Locavores are not people who eat their neighbors. But they are people who eat their neighbors’ meat and produce. It’s not a new idea, it’s not a new term, it’s not a new fad. It’s as old as backyard gardens and farmers’ markets and the term was first used in 2005. It reached a milestone in 2013 when AqSuared released an iPhone app just in case you didn’t know what was in season around your home.
If you’re a food junkie and you spend some time watching TV or surfing the net in search of articles and shows built with foodies in mind, catch phrases are growing faster than zucchini during a hot summer.
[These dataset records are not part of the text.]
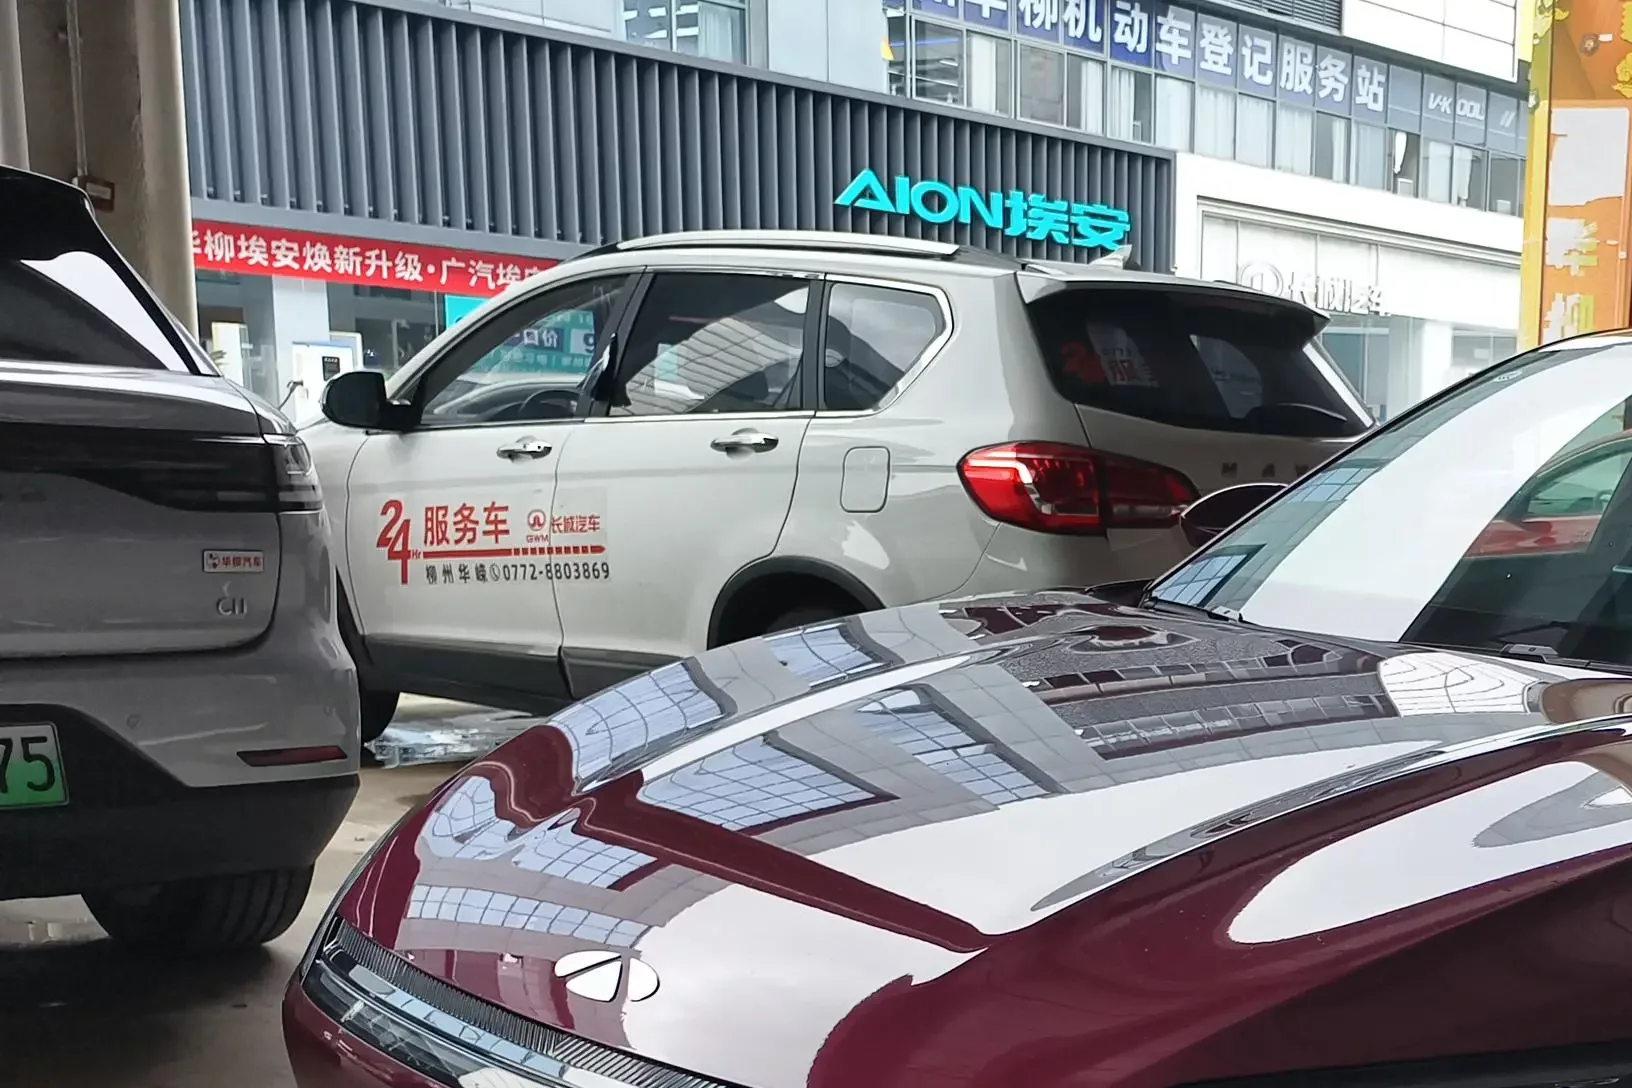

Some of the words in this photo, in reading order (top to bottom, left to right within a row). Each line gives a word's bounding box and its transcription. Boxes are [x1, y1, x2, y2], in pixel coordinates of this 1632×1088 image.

[932, 0, 1386, 112] 柳机动车登记服务站
[834, 167, 1131, 250] AION埃安
[423, 501, 510, 546] 服务车
[502, 561, 609, 582] 0772-8803869
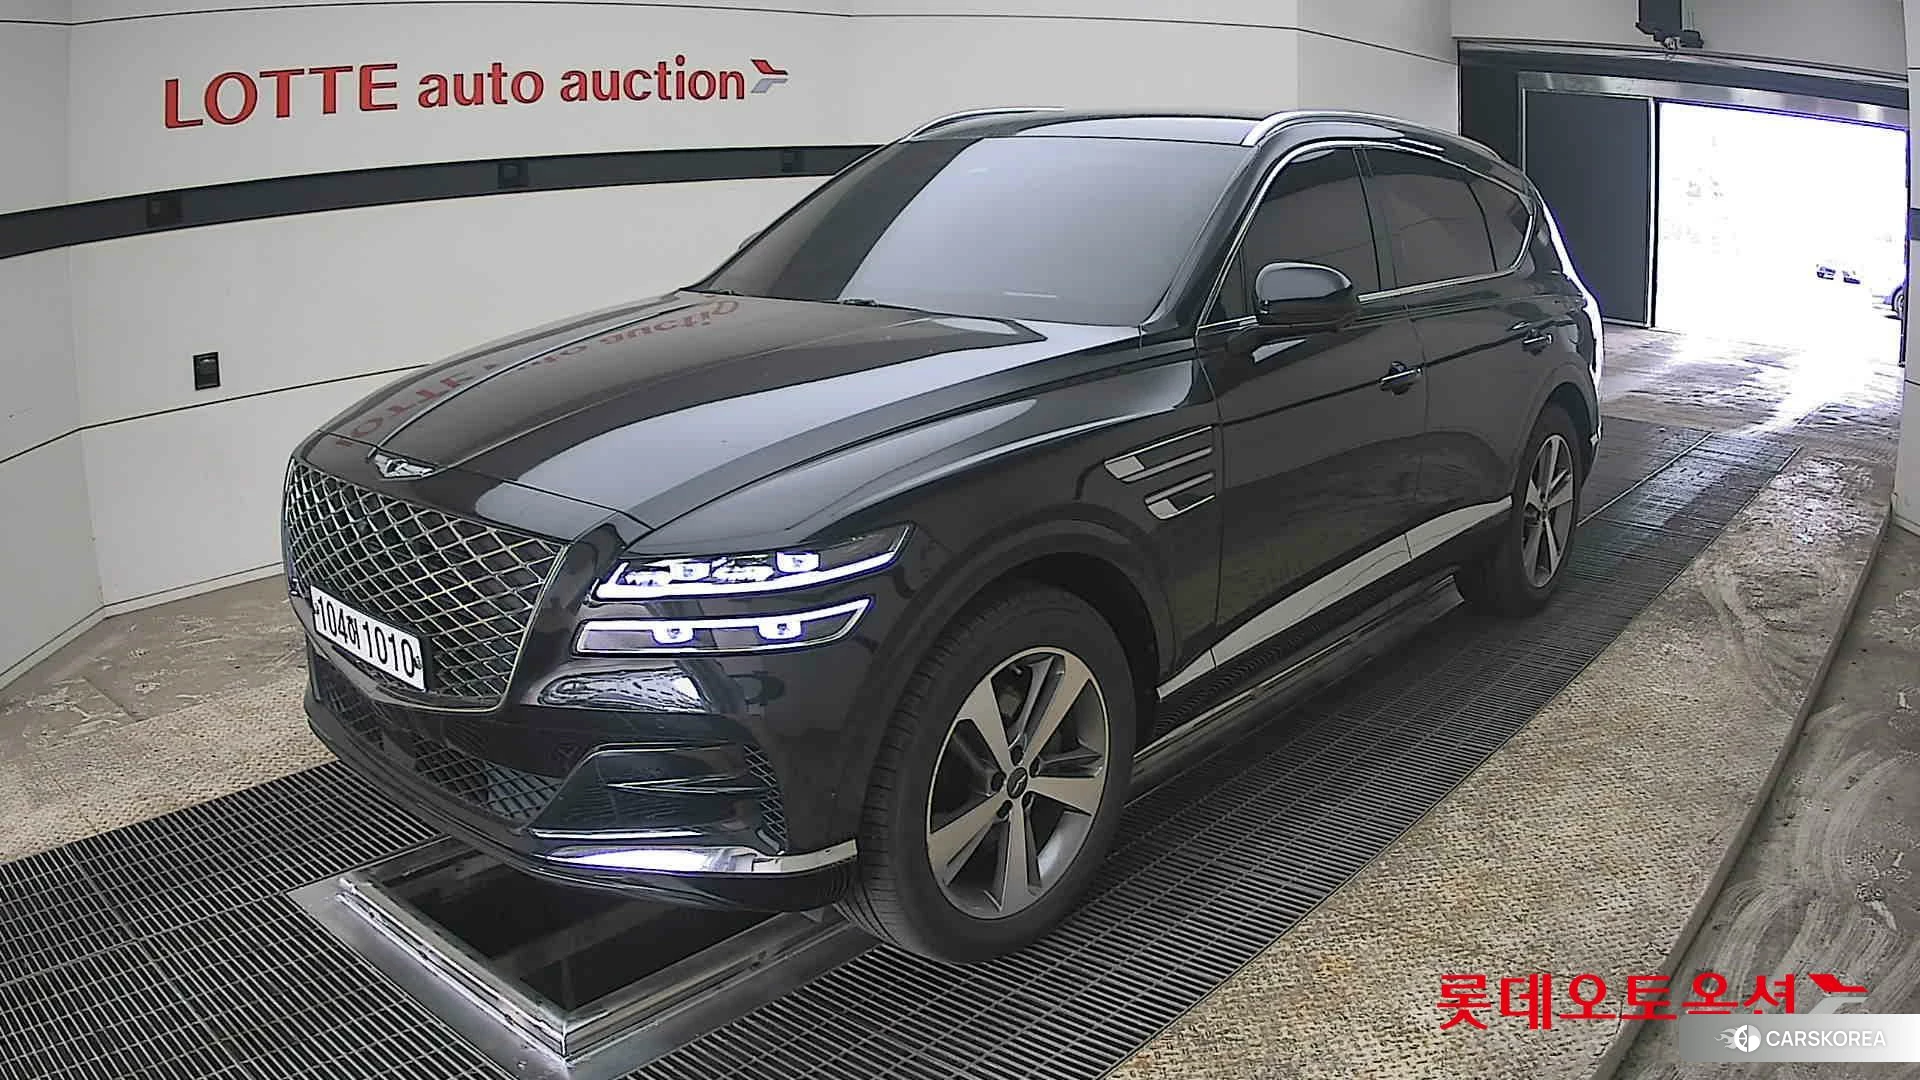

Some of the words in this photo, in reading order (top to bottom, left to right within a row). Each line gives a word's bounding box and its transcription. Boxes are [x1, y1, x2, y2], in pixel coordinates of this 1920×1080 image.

Locavore and Farm to Table are two of the hottest right now. (Farm to Table is another not new idea going back to 2003 as a recognized “movement.”) Why are they so hot? Probably because it’s hot right now.
Everything tastes better in the summer. It should. That’s the peak growing and harvesting season for almost everything we eat that comes from the earth. It’s when farmer’s markets pop up in parking lots every week, when local coops are wholesaling produce to the local supermarkets and purveyors, and when a salad bar at the neighborhood restaurant isn’t such a bad thing after all. It makes you glad that somebody in the early 2000s was thinking we should eat local.
Wait a minute! In the early 2000s? How about in the early 1900s, 1800, 1700s even. I can’t speak personally of any of those but I can reach back to mid-twentieth century when my father and every other father in our little neighborhood turned most of their backyards into vegetable gardens. The dads would come home from work some spring day and plan the “patch.” That weekend, shovels, rakes, and hoes turned and prepared soil for seeds and seedlings. Daily watering and weeding was added to kids’ lists of chores from then through the summer months. Moms started planning for summer sides for those veggies put to immediate use and for canning, freezing, and otherwise preserving those grown in quantity for use during the fall and winter months.
Locavores claim “locally produced” means within 100 miles. Those old gardeners did it within 100 feet! Oh there is nothing like eating a tomato or an ear of corn that you picked up at a local farmers’ market from a real local farmer. But even they pale to the ones that grow outside your back door. Now that’s local!
That’s what I think. Really. How ‘bout you?